* _DATA EXCERPTS_:
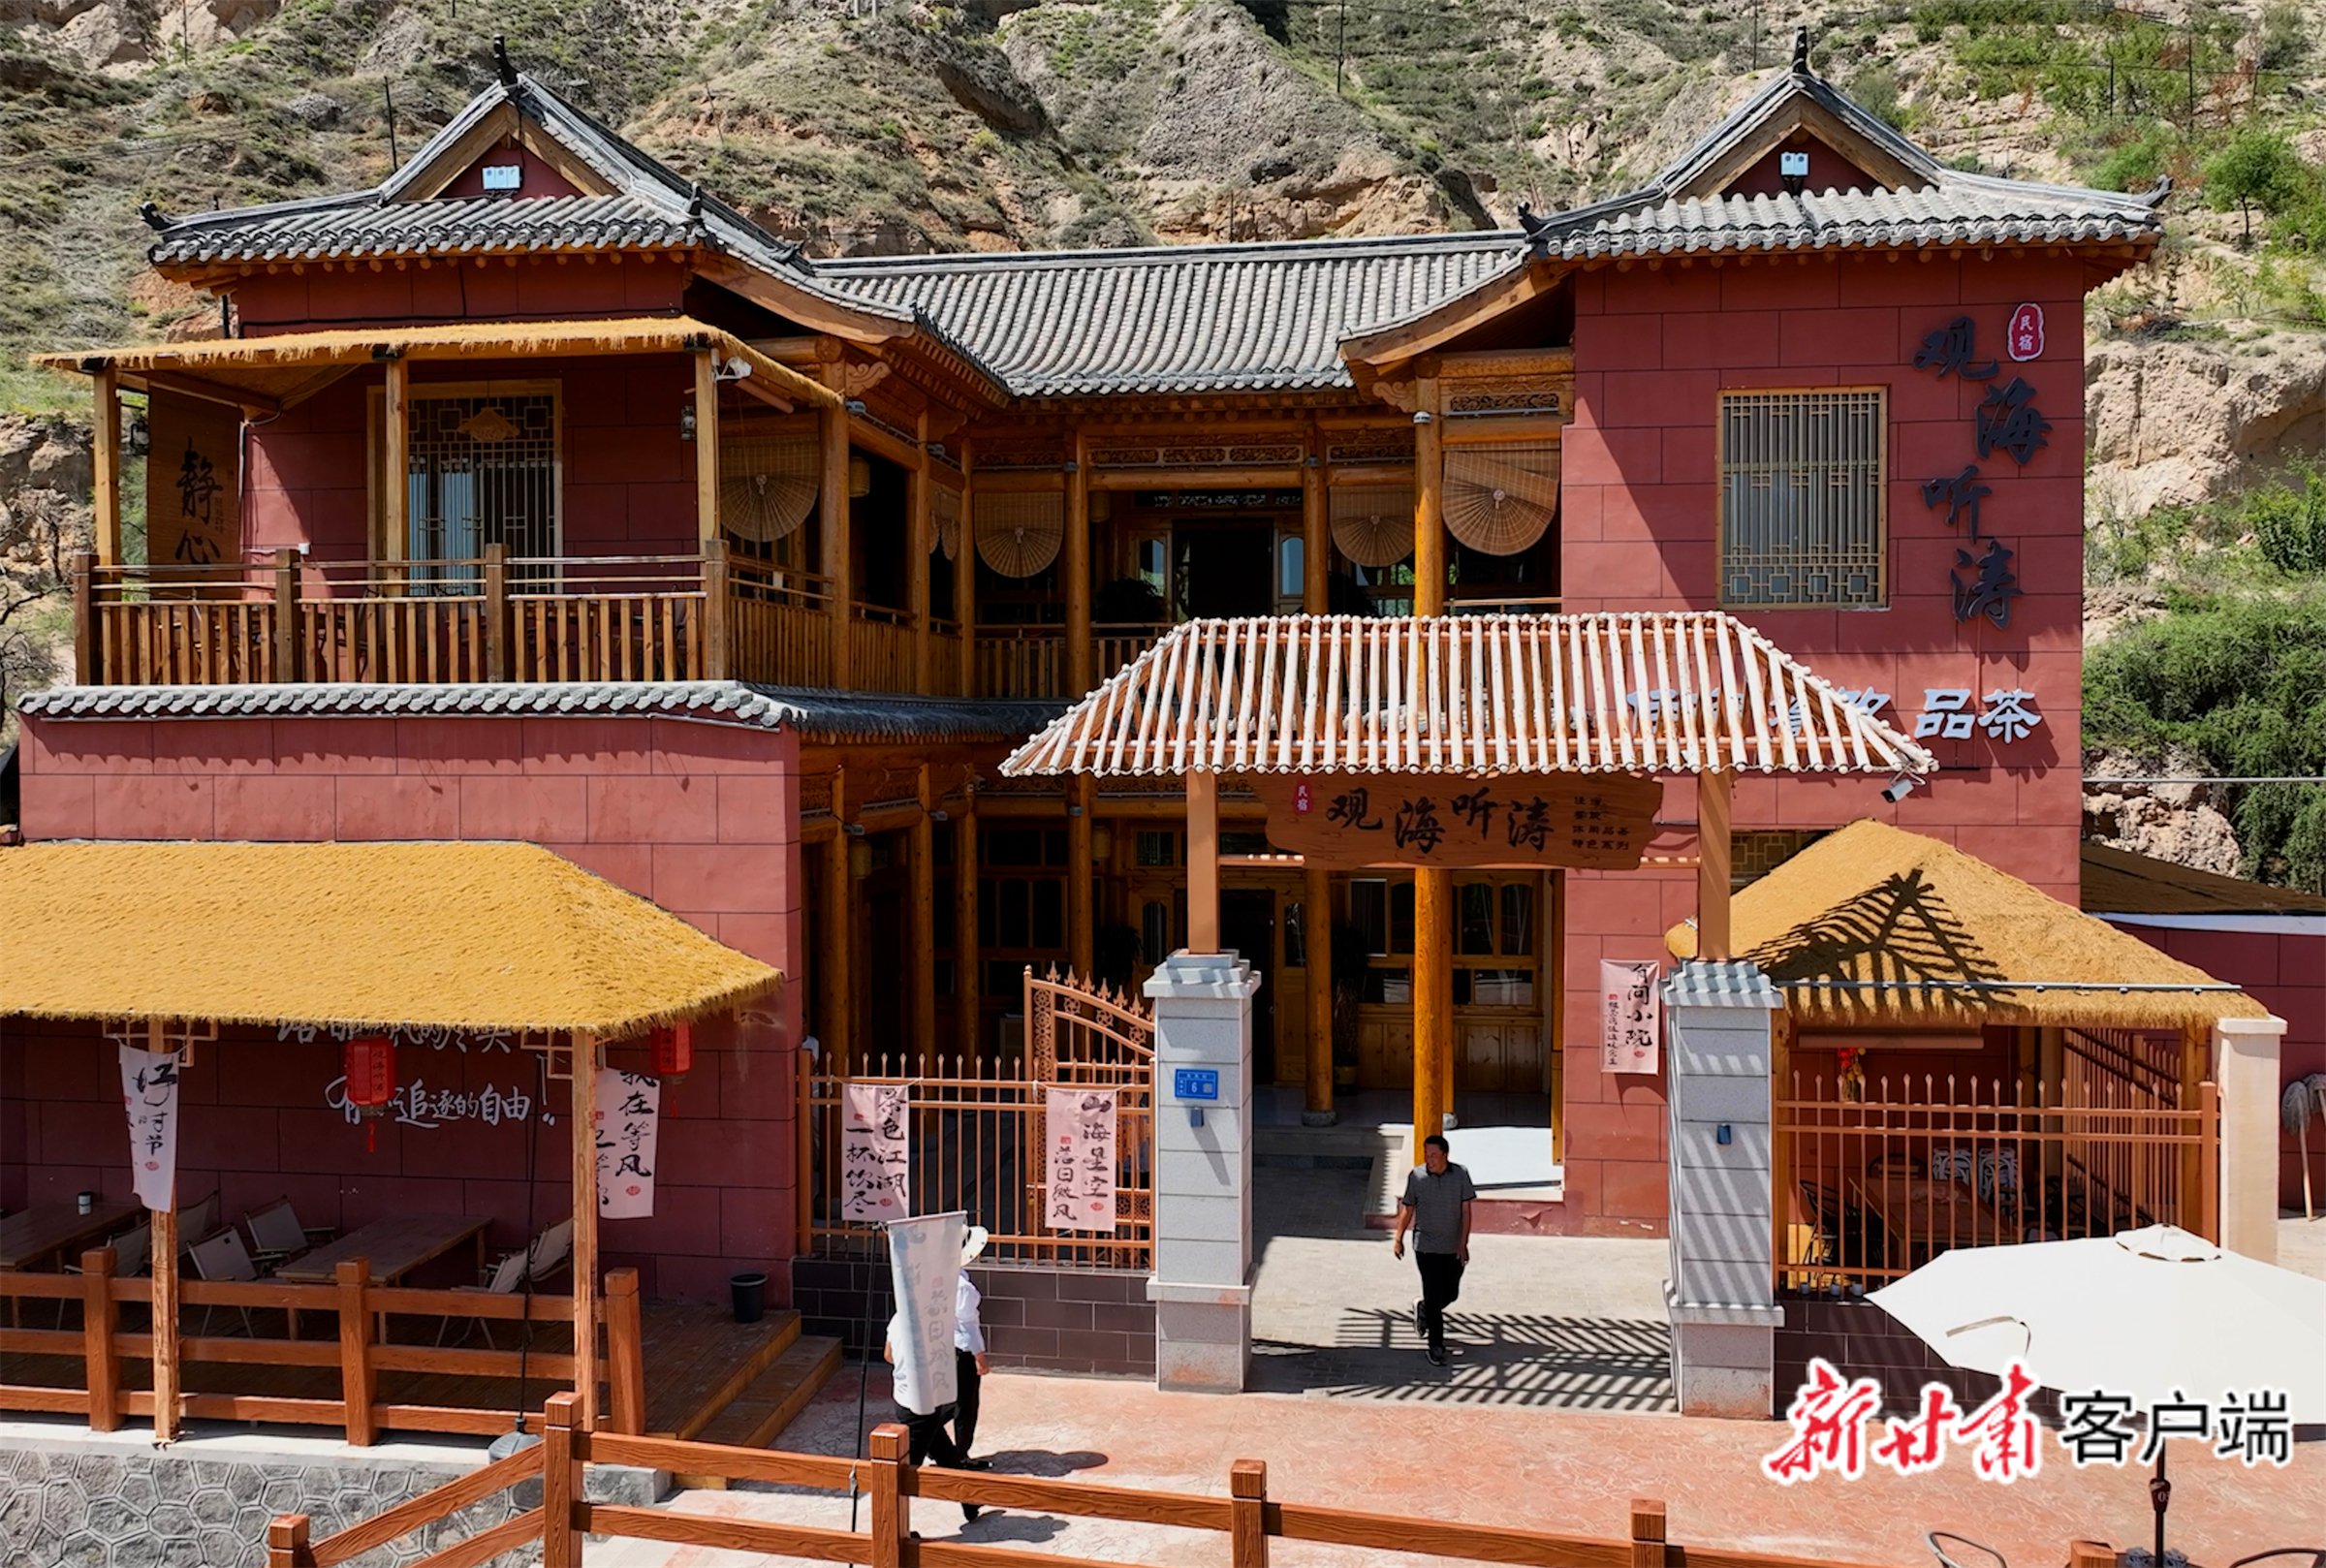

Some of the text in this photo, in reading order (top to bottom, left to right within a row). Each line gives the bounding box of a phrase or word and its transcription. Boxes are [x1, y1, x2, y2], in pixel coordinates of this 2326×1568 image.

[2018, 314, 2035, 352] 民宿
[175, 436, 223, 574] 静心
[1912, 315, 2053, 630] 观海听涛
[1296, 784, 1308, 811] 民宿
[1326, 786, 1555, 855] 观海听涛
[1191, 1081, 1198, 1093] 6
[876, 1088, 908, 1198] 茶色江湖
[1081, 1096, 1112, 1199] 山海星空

* _TRY IT_: The answer must be the listing above, restated word for word, with no images in it.

* _ANSWER FOR THE TASK_:
Some of the text in this photo, in reading order (top to bottom, left to right within a row). Each line gives the bounding box of a phrase or word and its transcription. Boxes are [x1, y1, x2, y2], in pixel coordinates of this 2326×1568 image.

[2018, 314, 2035, 352] 民宿
[175, 436, 223, 574] 静心
[1912, 315, 2053, 630] 观海听涛
[1296, 784, 1308, 811] 民宿
[1326, 786, 1555, 855] 观海听涛
[1191, 1081, 1198, 1093] 6
[876, 1088, 908, 1198] 茶色江湖
[1081, 1096, 1112, 1199] 山海星空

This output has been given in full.